Task to complete
What you return should match the data word for word, minus the images.

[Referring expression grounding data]

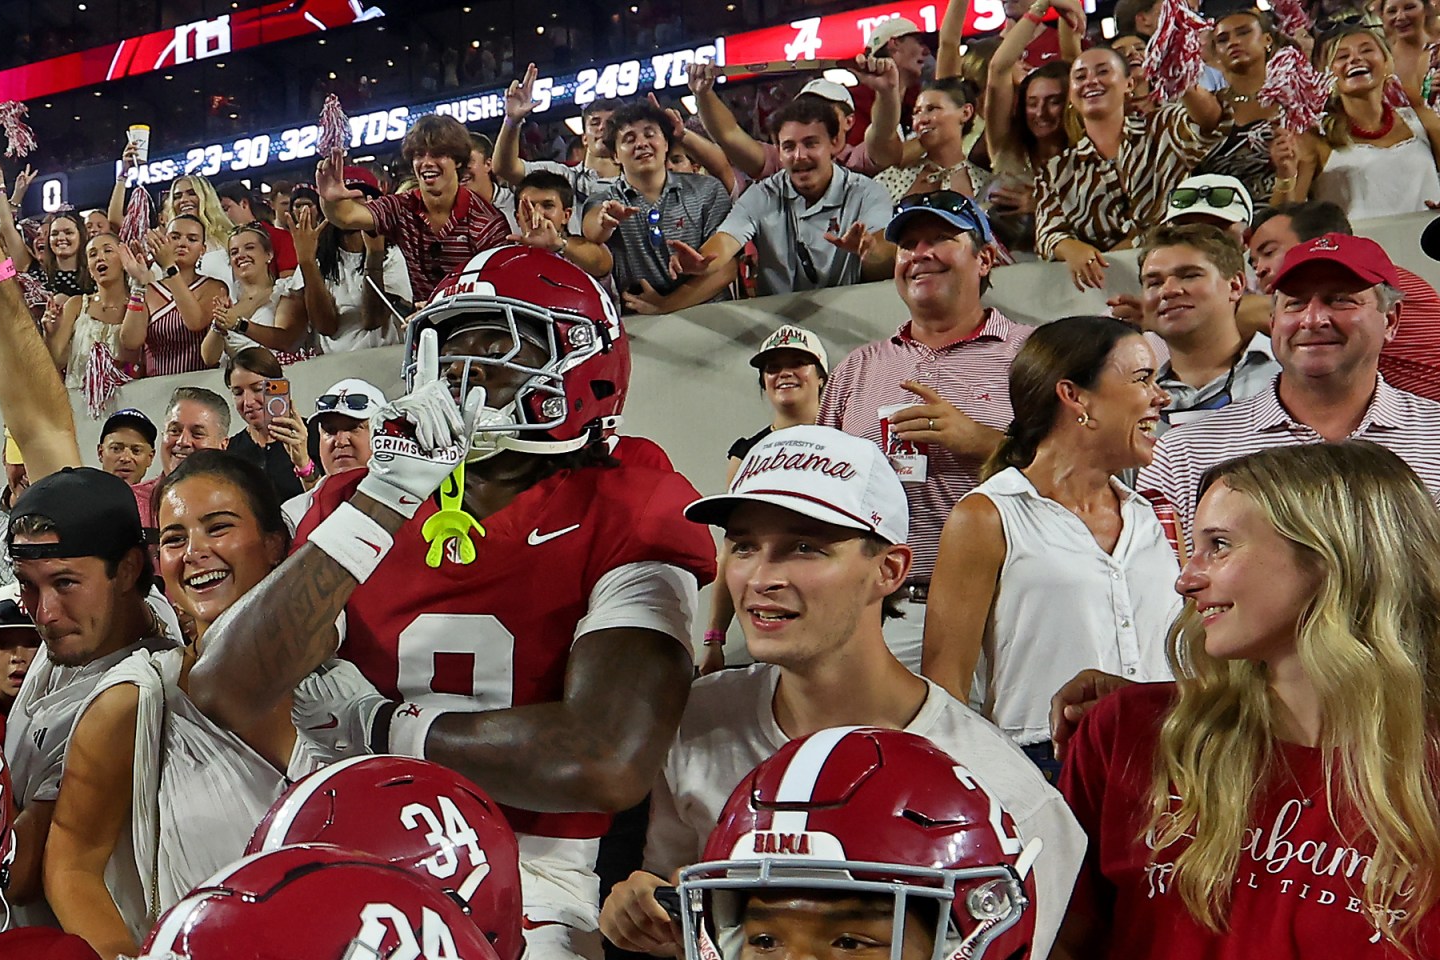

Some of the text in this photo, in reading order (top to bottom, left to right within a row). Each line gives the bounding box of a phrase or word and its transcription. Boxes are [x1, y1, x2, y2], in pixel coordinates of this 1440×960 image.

[277, 124, 325, 162] 32
[348, 107, 410, 149] YDS
[573, 60, 639, 105] 249
[42, 179, 63, 213] 0
[732, 447, 857, 494] Alabama
[400, 795, 482, 880] 34
[752, 832, 810, 856] BAMA
[1279, 876, 1364, 914] TIDE
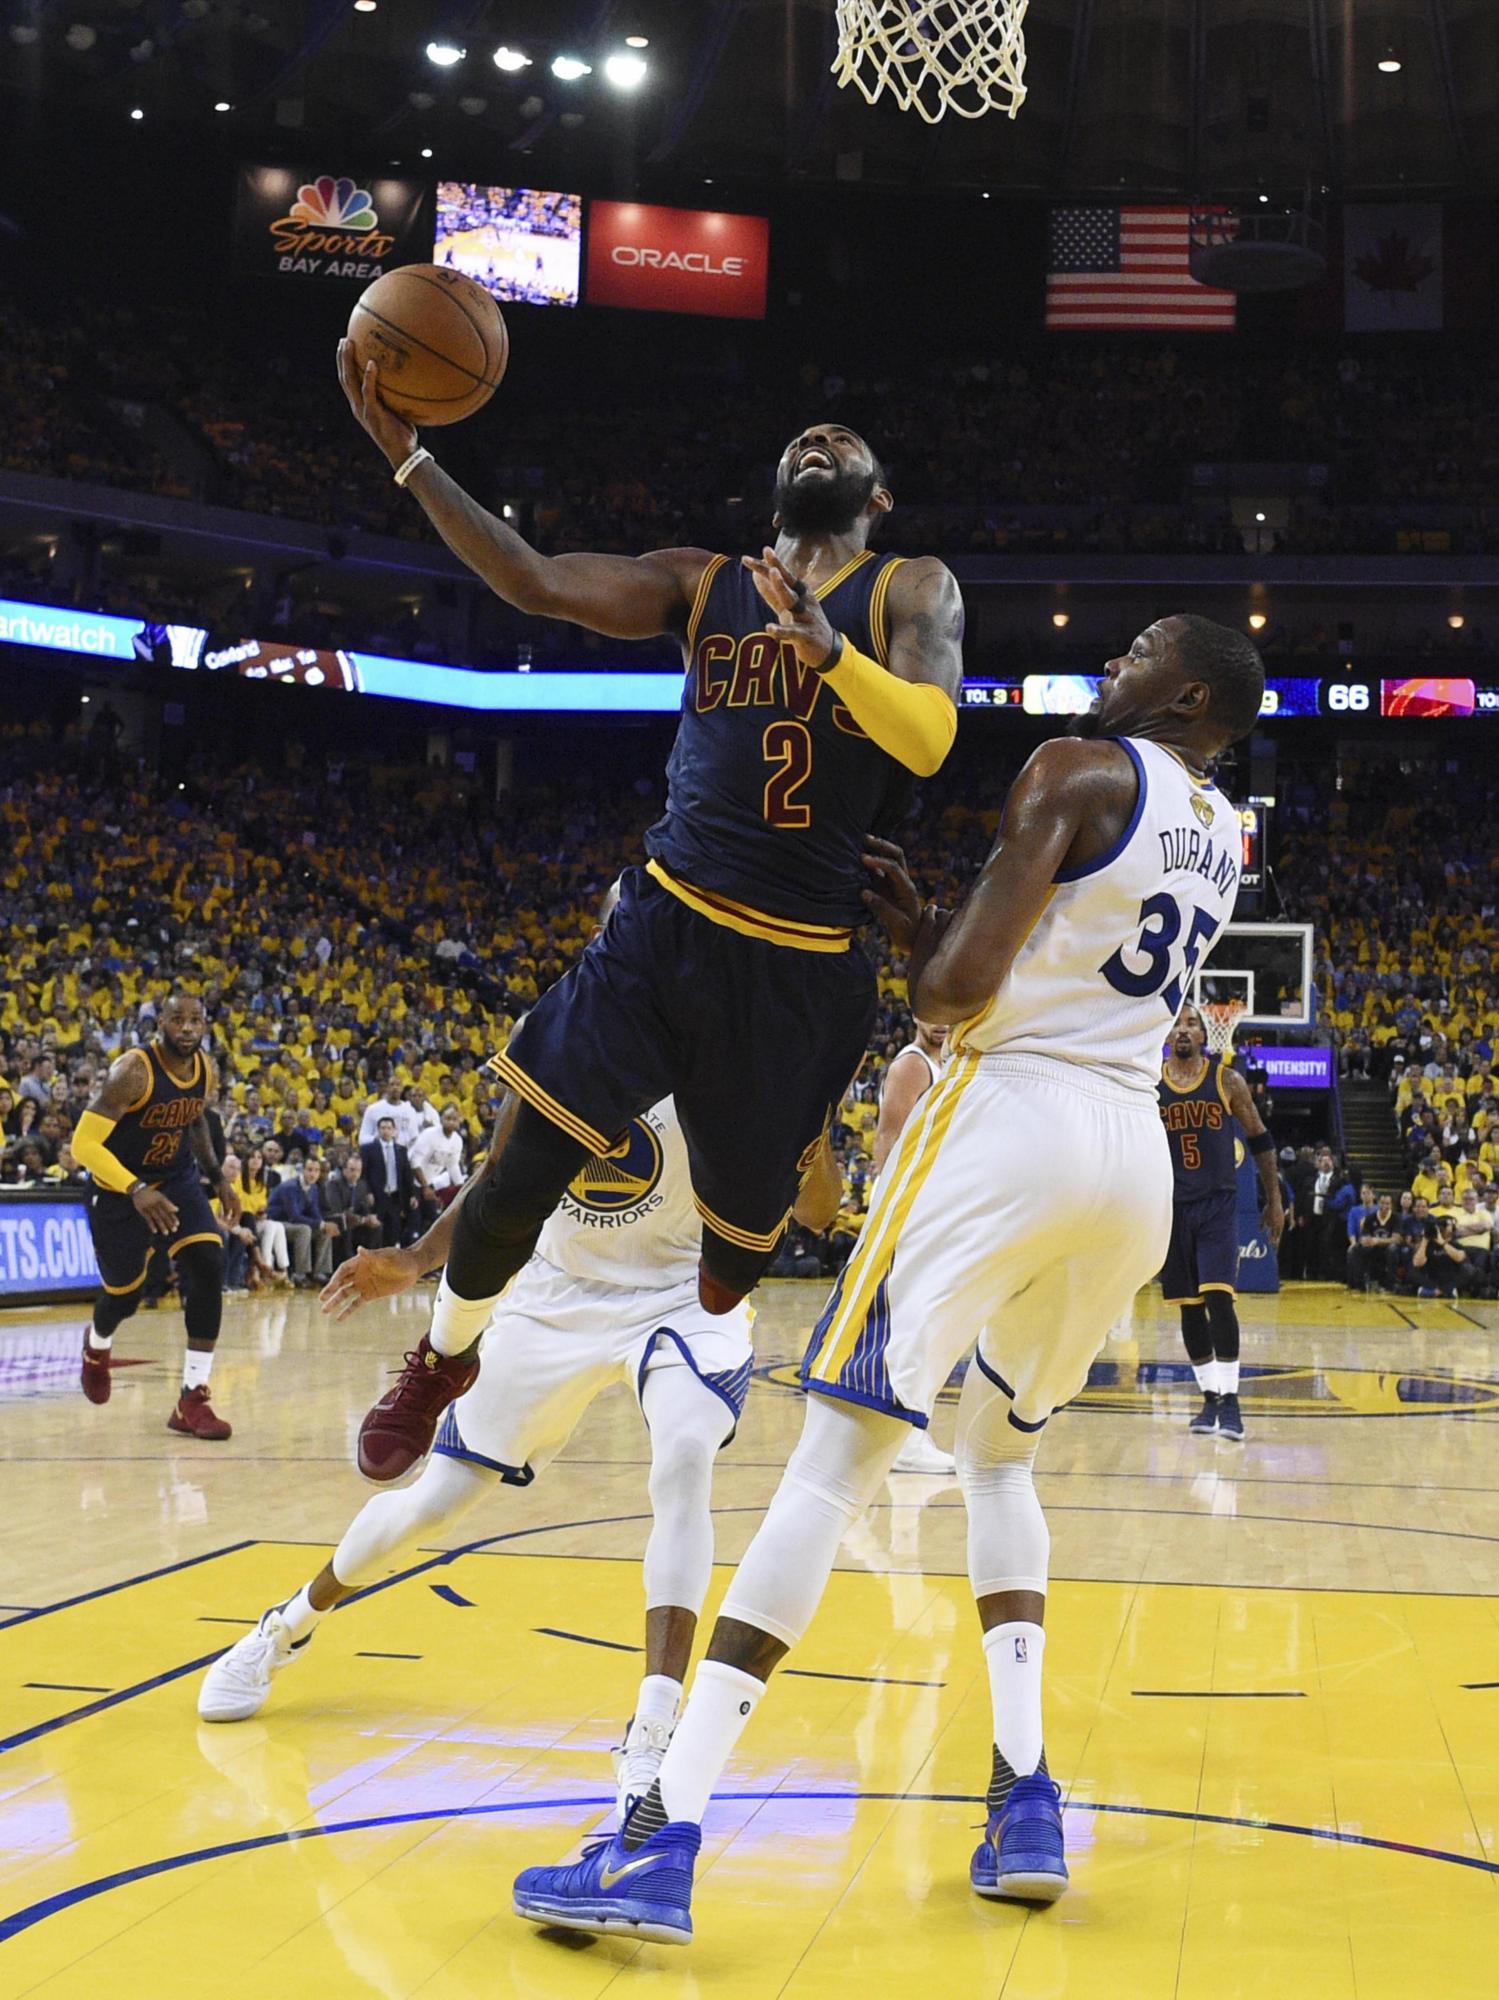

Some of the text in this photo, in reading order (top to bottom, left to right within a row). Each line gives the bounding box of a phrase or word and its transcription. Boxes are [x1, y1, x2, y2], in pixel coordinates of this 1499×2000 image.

[270, 215, 394, 257] Sports
[279, 256, 382, 278] BAY AREA
[611, 246, 742, 275] ORACLE
[965, 688, 1021, 705] TOL 3 1
[1328, 684, 1370, 710] 66
[762, 720, 811, 828] 2
[1159, 827, 1238, 898] DURANT
[1098, 892, 1221, 1017] 35
[1265, 1060, 1327, 1076] INTENSITY!
[1180, 1134, 1200, 1169] 5
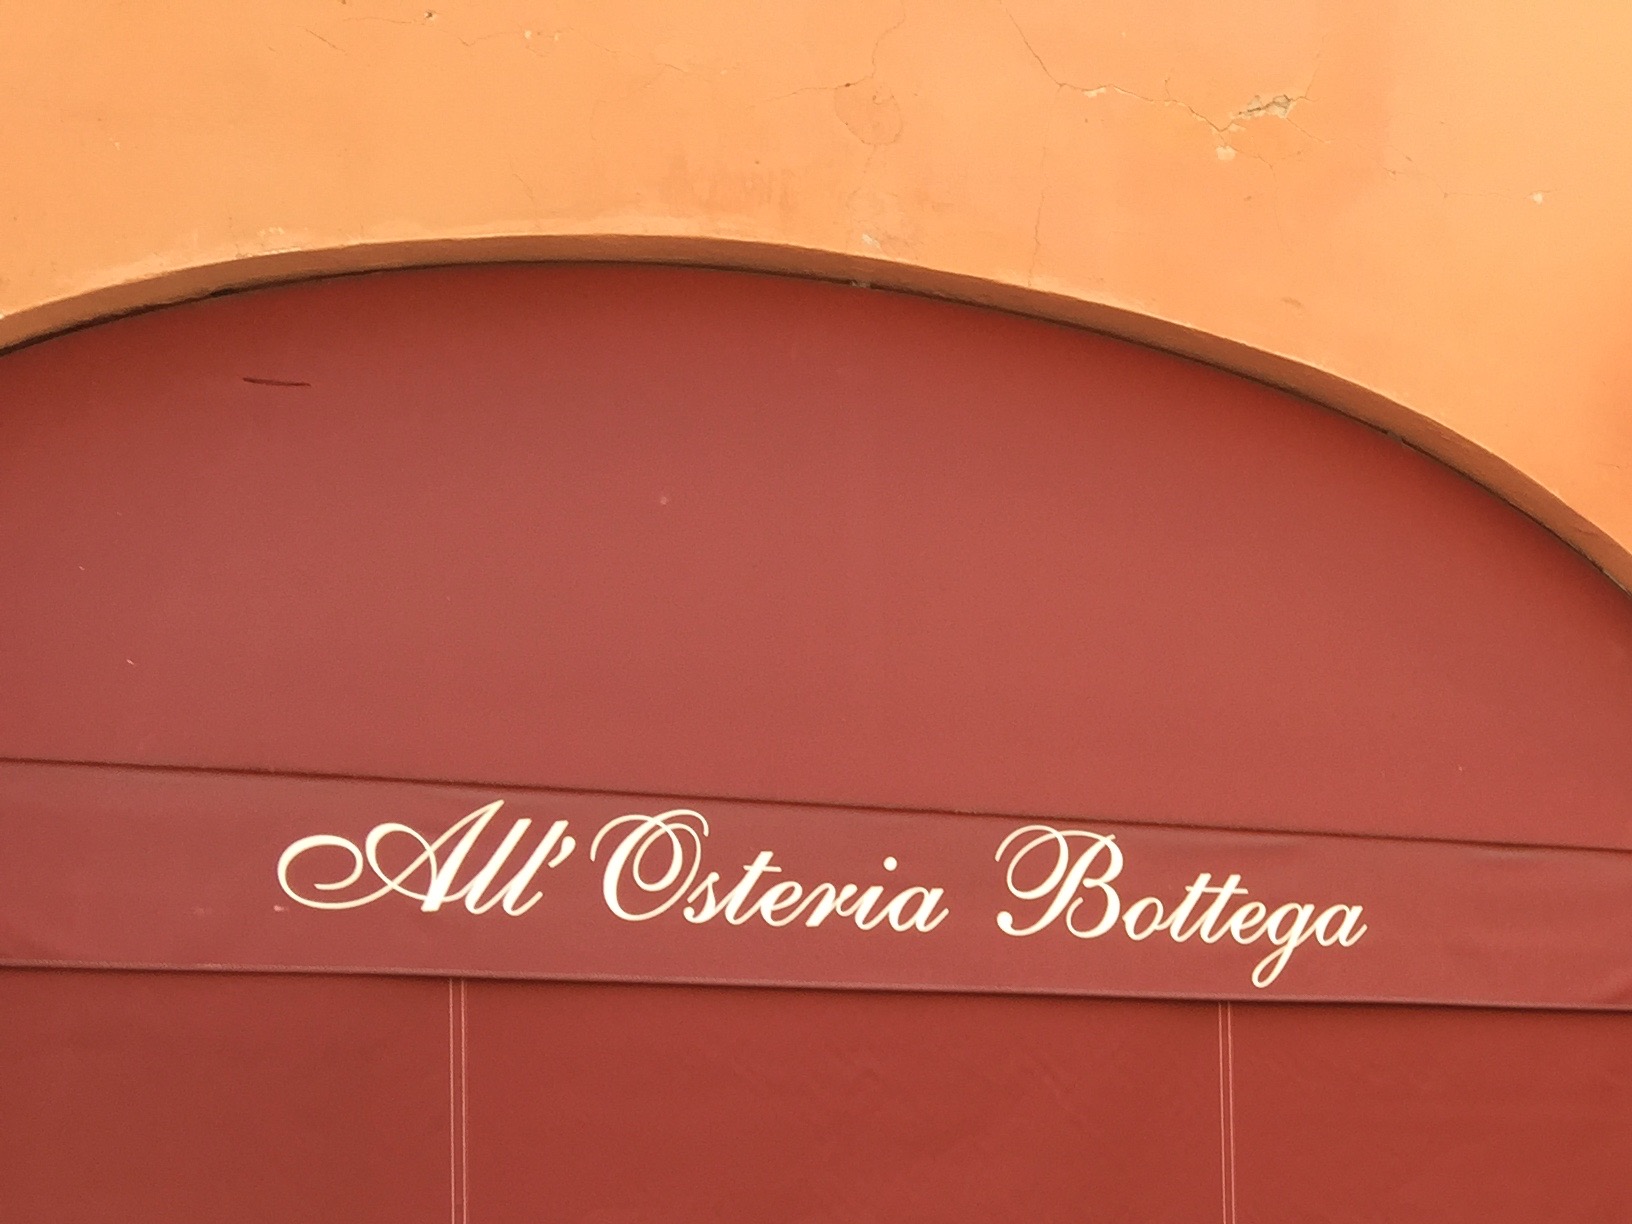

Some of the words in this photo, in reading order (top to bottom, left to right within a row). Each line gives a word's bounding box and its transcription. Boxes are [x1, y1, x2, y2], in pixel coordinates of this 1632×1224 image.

[276, 799, 576, 917] All'
[590, 808, 949, 932] Osteria
[995, 825, 1367, 988] Bottega

Solved exercise
Some of the text in this photo, in reading order (top to bottom, left to right within a row). Each line gives the bounding box of a phrase or word and its transcription. Boxes are [x1, y1, x2, y2], in pixel coordinates of this 1440×960 image.

[277, 124, 325, 162] 32
[348, 107, 410, 149] YDS
[573, 60, 639, 105] 249
[42, 179, 63, 213] 0
[732, 447, 857, 494] Alabama
[400, 795, 482, 880] 34
[752, 832, 810, 856] BAMA
[1279, 876, 1364, 914] TIDE

Some of the text in this photo, in reading order (top to bottom, left to right within a row). Each line gives the bounding box of a phrase or word and its transcription. Boxes are [x1, y1, x2, y2], in pixel coordinates of this 1499×2000 image.

[270, 215, 394, 257] Sports
[279, 256, 382, 278] BAY AREA
[611, 246, 742, 275] ORACLE
[965, 688, 1021, 705] TOL 3 1
[1328, 684, 1370, 710] 66
[762, 720, 811, 828] 2
[1159, 827, 1238, 898] DURANT
[1098, 892, 1221, 1017] 35
[1265, 1060, 1327, 1076] INTENSITY!
[1180, 1134, 1200, 1169] 5

Some of the words in this photo, in reading order (top to bottom, left to right within a row). Each line gives a word's bounding box and its transcription. Boxes are [x1, y1, x2, y2], in pixel coordinates of this 1632×1224 image.

[276, 799, 576, 917] All'
[590, 808, 949, 932] Osteria
[995, 825, 1367, 988] Bottega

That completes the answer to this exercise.